**Task instructions**
Transcribe exactly the line that contains "this 1600×720 image." and all lines following it to the end of the material below; omit everything else.
● ● ●
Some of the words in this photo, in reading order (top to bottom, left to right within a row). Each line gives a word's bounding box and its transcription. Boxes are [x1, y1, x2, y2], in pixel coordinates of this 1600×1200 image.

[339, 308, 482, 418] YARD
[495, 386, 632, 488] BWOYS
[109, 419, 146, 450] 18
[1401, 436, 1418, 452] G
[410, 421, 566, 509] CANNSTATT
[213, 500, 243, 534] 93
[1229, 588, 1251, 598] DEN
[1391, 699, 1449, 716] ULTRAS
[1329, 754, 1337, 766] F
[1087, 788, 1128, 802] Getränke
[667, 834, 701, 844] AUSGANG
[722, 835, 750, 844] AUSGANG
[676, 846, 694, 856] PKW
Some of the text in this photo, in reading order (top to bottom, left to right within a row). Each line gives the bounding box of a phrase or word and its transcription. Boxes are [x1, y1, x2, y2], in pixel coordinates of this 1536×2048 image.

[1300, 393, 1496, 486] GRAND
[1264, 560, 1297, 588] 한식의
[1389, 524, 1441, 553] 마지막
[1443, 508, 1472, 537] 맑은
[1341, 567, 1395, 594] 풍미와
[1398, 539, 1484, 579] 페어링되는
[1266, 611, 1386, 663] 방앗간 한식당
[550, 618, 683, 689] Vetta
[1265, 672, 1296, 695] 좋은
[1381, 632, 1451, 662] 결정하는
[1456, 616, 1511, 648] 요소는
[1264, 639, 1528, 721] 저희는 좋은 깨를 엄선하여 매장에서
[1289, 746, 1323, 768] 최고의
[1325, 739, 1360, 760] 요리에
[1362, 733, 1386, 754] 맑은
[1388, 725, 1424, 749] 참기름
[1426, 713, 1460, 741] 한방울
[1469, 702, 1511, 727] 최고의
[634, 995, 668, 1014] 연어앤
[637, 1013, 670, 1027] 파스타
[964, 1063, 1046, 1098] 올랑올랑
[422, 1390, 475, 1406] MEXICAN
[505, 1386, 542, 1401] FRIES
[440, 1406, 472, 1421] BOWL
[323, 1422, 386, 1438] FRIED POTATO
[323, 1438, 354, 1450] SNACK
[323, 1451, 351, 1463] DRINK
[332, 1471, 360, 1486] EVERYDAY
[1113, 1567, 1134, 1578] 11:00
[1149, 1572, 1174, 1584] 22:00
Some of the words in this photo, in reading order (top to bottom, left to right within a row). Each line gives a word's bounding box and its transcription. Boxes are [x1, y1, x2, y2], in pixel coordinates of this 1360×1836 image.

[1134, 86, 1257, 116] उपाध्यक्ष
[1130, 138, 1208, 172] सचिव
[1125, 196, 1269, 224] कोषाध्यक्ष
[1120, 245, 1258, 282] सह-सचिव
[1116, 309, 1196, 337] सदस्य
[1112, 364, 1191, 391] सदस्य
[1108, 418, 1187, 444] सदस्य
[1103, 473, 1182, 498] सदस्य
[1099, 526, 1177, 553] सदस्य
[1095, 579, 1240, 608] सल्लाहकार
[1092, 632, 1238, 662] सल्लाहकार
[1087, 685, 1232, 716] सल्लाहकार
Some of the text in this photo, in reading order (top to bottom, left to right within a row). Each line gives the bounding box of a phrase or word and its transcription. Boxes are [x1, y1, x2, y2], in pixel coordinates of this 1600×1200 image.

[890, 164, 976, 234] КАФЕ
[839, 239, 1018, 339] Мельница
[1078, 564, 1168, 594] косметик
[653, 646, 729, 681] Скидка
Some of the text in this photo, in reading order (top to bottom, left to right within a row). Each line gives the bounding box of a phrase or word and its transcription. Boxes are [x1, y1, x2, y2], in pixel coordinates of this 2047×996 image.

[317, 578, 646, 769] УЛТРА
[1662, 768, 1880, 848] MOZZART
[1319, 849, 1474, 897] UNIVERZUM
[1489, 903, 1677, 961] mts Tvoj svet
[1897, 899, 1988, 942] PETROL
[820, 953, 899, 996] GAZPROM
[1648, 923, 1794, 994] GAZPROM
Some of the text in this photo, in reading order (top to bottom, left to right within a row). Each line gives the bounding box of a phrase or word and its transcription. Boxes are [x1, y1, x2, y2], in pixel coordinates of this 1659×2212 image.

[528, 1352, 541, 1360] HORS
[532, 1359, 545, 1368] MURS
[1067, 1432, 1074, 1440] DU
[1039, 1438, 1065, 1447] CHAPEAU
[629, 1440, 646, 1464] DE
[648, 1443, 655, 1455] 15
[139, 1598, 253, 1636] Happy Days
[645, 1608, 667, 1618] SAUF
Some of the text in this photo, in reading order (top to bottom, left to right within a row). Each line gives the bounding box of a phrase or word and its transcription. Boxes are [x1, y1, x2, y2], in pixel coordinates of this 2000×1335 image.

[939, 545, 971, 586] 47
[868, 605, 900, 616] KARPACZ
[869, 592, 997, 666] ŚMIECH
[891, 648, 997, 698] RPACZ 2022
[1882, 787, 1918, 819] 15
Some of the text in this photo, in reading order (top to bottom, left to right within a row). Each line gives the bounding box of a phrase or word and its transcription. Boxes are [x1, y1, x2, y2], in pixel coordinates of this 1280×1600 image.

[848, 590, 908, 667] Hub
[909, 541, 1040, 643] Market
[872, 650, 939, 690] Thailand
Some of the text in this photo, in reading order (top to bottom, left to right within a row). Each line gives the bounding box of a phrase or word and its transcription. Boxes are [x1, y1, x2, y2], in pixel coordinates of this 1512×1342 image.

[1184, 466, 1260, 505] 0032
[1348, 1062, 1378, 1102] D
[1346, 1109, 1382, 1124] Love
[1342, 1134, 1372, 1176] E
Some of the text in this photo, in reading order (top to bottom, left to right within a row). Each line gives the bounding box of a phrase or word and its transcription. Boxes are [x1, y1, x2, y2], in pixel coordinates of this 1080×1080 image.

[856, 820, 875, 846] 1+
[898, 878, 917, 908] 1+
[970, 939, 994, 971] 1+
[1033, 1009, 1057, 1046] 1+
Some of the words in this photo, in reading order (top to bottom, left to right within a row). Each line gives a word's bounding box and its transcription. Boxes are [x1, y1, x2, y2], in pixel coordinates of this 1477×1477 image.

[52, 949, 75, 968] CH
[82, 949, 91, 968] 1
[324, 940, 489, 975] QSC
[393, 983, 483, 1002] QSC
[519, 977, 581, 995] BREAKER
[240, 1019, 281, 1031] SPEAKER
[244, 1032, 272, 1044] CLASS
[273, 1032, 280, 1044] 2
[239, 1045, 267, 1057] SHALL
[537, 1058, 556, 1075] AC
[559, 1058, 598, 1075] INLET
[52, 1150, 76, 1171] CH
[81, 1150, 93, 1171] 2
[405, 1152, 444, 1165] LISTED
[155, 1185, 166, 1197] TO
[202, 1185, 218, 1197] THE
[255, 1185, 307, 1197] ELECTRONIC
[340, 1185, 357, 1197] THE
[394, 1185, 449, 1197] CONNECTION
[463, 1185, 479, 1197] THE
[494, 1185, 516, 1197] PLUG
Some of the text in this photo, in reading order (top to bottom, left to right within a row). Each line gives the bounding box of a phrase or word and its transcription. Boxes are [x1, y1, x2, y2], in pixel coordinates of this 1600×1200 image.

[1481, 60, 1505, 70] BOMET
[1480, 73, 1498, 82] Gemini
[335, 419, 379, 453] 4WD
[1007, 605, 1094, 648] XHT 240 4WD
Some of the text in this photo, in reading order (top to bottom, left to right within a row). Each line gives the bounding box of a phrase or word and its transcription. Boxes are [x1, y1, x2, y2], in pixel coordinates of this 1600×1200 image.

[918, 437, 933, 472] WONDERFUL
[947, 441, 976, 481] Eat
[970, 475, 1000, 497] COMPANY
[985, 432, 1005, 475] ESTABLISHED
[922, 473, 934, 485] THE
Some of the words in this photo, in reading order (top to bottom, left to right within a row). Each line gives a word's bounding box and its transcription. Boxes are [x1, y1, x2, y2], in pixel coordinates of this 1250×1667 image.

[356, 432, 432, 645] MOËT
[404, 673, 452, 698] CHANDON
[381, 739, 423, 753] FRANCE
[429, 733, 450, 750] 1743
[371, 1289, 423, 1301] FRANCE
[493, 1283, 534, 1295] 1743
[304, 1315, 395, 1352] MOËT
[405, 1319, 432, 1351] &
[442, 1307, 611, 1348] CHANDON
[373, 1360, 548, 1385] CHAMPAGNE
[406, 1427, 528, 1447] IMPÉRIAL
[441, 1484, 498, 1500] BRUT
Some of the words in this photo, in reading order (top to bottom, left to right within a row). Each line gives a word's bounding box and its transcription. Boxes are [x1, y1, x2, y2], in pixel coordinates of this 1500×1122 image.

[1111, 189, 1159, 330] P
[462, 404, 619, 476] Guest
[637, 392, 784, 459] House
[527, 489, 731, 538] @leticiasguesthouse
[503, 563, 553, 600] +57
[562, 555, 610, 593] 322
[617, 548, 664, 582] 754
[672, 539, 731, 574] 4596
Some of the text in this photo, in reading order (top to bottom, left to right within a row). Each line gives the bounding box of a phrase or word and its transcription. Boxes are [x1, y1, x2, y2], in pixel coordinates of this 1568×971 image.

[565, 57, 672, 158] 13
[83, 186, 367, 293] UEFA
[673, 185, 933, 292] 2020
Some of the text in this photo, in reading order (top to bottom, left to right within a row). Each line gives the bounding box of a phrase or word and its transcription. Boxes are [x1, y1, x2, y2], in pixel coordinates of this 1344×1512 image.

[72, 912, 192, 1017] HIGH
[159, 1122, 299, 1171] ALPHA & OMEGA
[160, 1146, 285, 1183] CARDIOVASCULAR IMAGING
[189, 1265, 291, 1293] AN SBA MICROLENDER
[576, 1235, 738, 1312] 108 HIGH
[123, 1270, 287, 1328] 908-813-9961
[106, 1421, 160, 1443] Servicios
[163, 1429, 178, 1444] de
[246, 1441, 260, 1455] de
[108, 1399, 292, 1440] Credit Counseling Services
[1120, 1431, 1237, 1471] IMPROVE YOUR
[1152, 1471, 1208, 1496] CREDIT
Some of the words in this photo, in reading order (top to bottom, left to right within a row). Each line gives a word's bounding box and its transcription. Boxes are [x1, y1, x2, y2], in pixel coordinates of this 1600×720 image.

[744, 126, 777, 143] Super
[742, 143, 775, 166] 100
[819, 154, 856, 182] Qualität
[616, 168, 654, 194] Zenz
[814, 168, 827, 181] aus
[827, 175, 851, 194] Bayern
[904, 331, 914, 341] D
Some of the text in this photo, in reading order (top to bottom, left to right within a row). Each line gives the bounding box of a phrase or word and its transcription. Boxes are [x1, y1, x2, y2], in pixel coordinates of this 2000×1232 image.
● ● ●
**Answer area**
Some of the words in this photo, in reading order (top to bottom, left to right within a row). Each line gives a word's bounding box and its transcription. Boxes are [x1, y1, x2, y2], in pixel coordinates of this 1600×720 image.

[744, 126, 777, 143] Super
[742, 143, 775, 166] 100
[819, 154, 856, 182] Qualität
[616, 168, 654, 194] Zenz
[814, 168, 827, 181] aus
[827, 175, 851, 194] Bayern
[904, 331, 914, 341] D
Some of the text in this photo, in reading order (top to bottom, left to right within a row). Each line gives the bounding box of a phrase or word and its transcription. Boxes are [x1, y1, x2, y2], in pixel coordinates of this 2000×1232 image.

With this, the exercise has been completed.